Records from a collection

╔══

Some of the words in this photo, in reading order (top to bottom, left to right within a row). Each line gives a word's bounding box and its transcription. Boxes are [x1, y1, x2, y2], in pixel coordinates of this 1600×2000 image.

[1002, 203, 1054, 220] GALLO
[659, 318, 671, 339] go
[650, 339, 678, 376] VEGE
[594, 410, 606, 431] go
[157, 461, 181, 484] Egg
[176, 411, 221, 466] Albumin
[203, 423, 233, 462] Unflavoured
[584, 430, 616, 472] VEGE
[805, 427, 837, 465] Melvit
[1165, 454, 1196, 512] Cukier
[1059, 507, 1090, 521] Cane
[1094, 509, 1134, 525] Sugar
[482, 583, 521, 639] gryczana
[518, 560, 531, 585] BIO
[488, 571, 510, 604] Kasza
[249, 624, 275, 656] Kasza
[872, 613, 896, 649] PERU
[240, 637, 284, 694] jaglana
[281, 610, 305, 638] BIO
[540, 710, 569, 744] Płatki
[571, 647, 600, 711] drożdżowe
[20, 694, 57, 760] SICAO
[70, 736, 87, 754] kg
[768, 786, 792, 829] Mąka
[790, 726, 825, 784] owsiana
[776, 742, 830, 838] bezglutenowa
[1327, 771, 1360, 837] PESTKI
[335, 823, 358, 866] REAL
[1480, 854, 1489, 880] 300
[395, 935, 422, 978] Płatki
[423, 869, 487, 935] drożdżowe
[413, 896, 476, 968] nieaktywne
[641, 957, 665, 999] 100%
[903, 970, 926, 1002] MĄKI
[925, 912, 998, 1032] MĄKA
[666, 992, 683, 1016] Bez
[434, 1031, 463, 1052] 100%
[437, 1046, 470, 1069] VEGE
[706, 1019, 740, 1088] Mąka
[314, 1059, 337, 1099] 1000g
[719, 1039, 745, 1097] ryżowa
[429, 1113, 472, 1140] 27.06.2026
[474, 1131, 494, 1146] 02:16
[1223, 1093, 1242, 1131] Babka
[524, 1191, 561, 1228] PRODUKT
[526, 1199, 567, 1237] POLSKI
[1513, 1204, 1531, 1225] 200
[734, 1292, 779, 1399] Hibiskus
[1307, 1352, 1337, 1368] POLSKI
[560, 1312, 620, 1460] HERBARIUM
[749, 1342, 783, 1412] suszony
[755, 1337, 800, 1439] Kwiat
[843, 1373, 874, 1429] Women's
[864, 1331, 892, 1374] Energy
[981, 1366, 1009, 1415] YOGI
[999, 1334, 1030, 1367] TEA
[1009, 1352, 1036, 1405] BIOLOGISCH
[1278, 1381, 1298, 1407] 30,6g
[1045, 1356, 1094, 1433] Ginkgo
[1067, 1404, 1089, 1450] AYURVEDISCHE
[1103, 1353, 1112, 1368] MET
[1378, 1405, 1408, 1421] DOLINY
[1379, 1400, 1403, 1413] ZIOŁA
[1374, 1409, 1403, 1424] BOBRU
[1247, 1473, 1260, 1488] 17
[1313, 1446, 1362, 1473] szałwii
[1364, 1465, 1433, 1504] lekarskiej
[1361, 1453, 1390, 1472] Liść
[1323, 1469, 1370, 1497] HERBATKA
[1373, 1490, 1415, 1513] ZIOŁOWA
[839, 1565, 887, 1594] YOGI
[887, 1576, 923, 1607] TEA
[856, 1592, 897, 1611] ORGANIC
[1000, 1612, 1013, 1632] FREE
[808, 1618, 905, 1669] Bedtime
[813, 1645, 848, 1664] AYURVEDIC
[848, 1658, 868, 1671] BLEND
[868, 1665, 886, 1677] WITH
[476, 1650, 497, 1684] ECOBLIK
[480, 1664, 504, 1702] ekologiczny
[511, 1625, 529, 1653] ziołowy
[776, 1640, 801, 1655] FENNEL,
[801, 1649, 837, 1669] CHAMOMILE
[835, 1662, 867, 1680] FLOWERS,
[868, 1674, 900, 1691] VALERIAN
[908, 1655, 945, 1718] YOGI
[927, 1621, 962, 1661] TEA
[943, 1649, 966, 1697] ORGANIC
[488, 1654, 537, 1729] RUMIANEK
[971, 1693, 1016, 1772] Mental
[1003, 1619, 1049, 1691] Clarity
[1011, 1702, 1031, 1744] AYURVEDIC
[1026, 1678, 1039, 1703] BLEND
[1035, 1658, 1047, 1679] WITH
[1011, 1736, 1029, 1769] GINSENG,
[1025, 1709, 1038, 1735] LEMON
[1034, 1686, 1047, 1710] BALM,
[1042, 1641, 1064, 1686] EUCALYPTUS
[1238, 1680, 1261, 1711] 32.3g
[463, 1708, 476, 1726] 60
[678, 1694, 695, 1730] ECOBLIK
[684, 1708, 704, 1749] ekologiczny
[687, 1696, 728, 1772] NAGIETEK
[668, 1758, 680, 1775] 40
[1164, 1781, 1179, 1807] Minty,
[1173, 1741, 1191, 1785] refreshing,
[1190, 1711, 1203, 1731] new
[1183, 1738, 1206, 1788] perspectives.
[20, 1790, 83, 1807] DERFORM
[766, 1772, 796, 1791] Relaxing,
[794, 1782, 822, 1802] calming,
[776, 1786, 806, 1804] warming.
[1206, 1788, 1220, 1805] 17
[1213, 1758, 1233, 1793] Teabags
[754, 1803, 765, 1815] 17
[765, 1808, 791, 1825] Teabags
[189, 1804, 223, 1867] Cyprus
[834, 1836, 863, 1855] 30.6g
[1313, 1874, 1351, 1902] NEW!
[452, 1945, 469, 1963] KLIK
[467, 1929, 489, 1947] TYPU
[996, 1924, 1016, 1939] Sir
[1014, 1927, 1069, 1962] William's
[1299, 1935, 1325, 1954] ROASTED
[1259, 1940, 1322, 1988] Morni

╚══

| Problem details |
Reproduce the records above exactly.

| Task answer |
Some of the words in this photo, in reading order (top to bottom, left to right within a row). Each line gives a word's bounding box and its transcription. Boxes are [x1, y1, x2, y2], in pixel coordinates of this 1600×2000 image.

[1002, 203, 1054, 220] GALLO
[659, 318, 671, 339] go
[650, 339, 678, 376] VEGE
[594, 410, 606, 431] go
[157, 461, 181, 484] Egg
[176, 411, 221, 466] Albumin
[203, 423, 233, 462] Unflavoured
[584, 430, 616, 472] VEGE
[805, 427, 837, 465] Melvit
[1165, 454, 1196, 512] Cukier
[1059, 507, 1090, 521] Cane
[1094, 509, 1134, 525] Sugar
[482, 583, 521, 639] gryczana
[518, 560, 531, 585] BIO
[488, 571, 510, 604] Kasza
[249, 624, 275, 656] Kasza
[872, 613, 896, 649] PERU
[240, 637, 284, 694] jaglana
[281, 610, 305, 638] BIO
[540, 710, 569, 744] Płatki
[571, 647, 600, 711] drożdżowe
[20, 694, 57, 760] SICAO
[70, 736, 87, 754] kg
[768, 786, 792, 829] Mąka
[790, 726, 825, 784] owsiana
[776, 742, 830, 838] bezglutenowa
[1327, 771, 1360, 837] PESTKI
[335, 823, 358, 866] REAL
[1480, 854, 1489, 880] 300
[395, 935, 422, 978] Płatki
[423, 869, 487, 935] drożdżowe
[413, 896, 476, 968] nieaktywne
[641, 957, 665, 999] 100%
[903, 970, 926, 1002] MĄKI
[925, 912, 998, 1032] MĄKA
[666, 992, 683, 1016] Bez
[434, 1031, 463, 1052] 100%
[437, 1046, 470, 1069] VEGE
[706, 1019, 740, 1088] Mąka
[314, 1059, 337, 1099] 1000g
[719, 1039, 745, 1097] ryżowa
[429, 1113, 472, 1140] 27.06.2026
[474, 1131, 494, 1146] 02:16
[1223, 1093, 1242, 1131] Babka
[524, 1191, 561, 1228] PRODUKT
[526, 1199, 567, 1237] POLSKI
[1513, 1204, 1531, 1225] 200
[734, 1292, 779, 1399] Hibiskus
[1307, 1352, 1337, 1368] POLSKI
[560, 1312, 620, 1460] HERBARIUM
[749, 1342, 783, 1412] suszony
[755, 1337, 800, 1439] Kwiat
[843, 1373, 874, 1429] Women's
[864, 1331, 892, 1374] Energy
[981, 1366, 1009, 1415] YOGI
[999, 1334, 1030, 1367] TEA
[1009, 1352, 1036, 1405] BIOLOGISCH
[1278, 1381, 1298, 1407] 30,6g
[1045, 1356, 1094, 1433] Ginkgo
[1067, 1404, 1089, 1450] AYURVEDISCHE
[1103, 1353, 1112, 1368] MET
[1378, 1405, 1408, 1421] DOLINY
[1379, 1400, 1403, 1413] ZIOŁA
[1374, 1409, 1403, 1424] BOBRU
[1247, 1473, 1260, 1488] 17
[1313, 1446, 1362, 1473] szałwii
[1364, 1465, 1433, 1504] lekarskiej
[1361, 1453, 1390, 1472] Liść
[1323, 1469, 1370, 1497] HERBATKA
[1373, 1490, 1415, 1513] ZIOŁOWA
[839, 1565, 887, 1594] YOGI
[887, 1576, 923, 1607] TEA
[856, 1592, 897, 1611] ORGANIC
[1000, 1612, 1013, 1632] FREE
[808, 1618, 905, 1669] Bedtime
[813, 1645, 848, 1664] AYURVEDIC
[848, 1658, 868, 1671] BLEND
[868, 1665, 886, 1677] WITH
[476, 1650, 497, 1684] ECOBLIK
[480, 1664, 504, 1702] ekologiczny
[511, 1625, 529, 1653] ziołowy
[776, 1640, 801, 1655] FENNEL,
[801, 1649, 837, 1669] CHAMOMILE
[835, 1662, 867, 1680] FLOWERS,
[868, 1674, 900, 1691] VALERIAN
[908, 1655, 945, 1718] YOGI
[927, 1621, 962, 1661] TEA
[943, 1649, 966, 1697] ORGANIC
[488, 1654, 537, 1729] RUMIANEK
[971, 1693, 1016, 1772] Mental
[1003, 1619, 1049, 1691] Clarity
[1011, 1702, 1031, 1744] AYURVEDIC
[1026, 1678, 1039, 1703] BLEND
[1035, 1658, 1047, 1679] WITH
[1011, 1736, 1029, 1769] GINSENG,
[1025, 1709, 1038, 1735] LEMON
[1034, 1686, 1047, 1710] BALM,
[1042, 1641, 1064, 1686] EUCALYPTUS
[1238, 1680, 1261, 1711] 32.3g
[463, 1708, 476, 1726] 60
[678, 1694, 695, 1730] ECOBLIK
[684, 1708, 704, 1749] ekologiczny
[687, 1696, 728, 1772] NAGIETEK
[668, 1758, 680, 1775] 40
[1164, 1781, 1179, 1807] Minty,
[1173, 1741, 1191, 1785] refreshing,
[1190, 1711, 1203, 1731] new
[1183, 1738, 1206, 1788] perspectives.
[20, 1790, 83, 1807] DERFORM
[766, 1772, 796, 1791] Relaxing,
[794, 1782, 822, 1802] calming,
[776, 1786, 806, 1804] warming.
[1206, 1788, 1220, 1805] 17
[1213, 1758, 1233, 1793] Teabags
[754, 1803, 765, 1815] 17
[765, 1808, 791, 1825] Teabags
[189, 1804, 223, 1867] Cyprus
[834, 1836, 863, 1855] 30.6g
[1313, 1874, 1351, 1902] NEW!
[452, 1945, 469, 1963] KLIK
[467, 1929, 489, 1947] TYPU
[996, 1924, 1016, 1939] Sir
[1014, 1927, 1069, 1962] William's
[1299, 1935, 1325, 1954] ROASTED
[1259, 1940, 1322, 1988] Morni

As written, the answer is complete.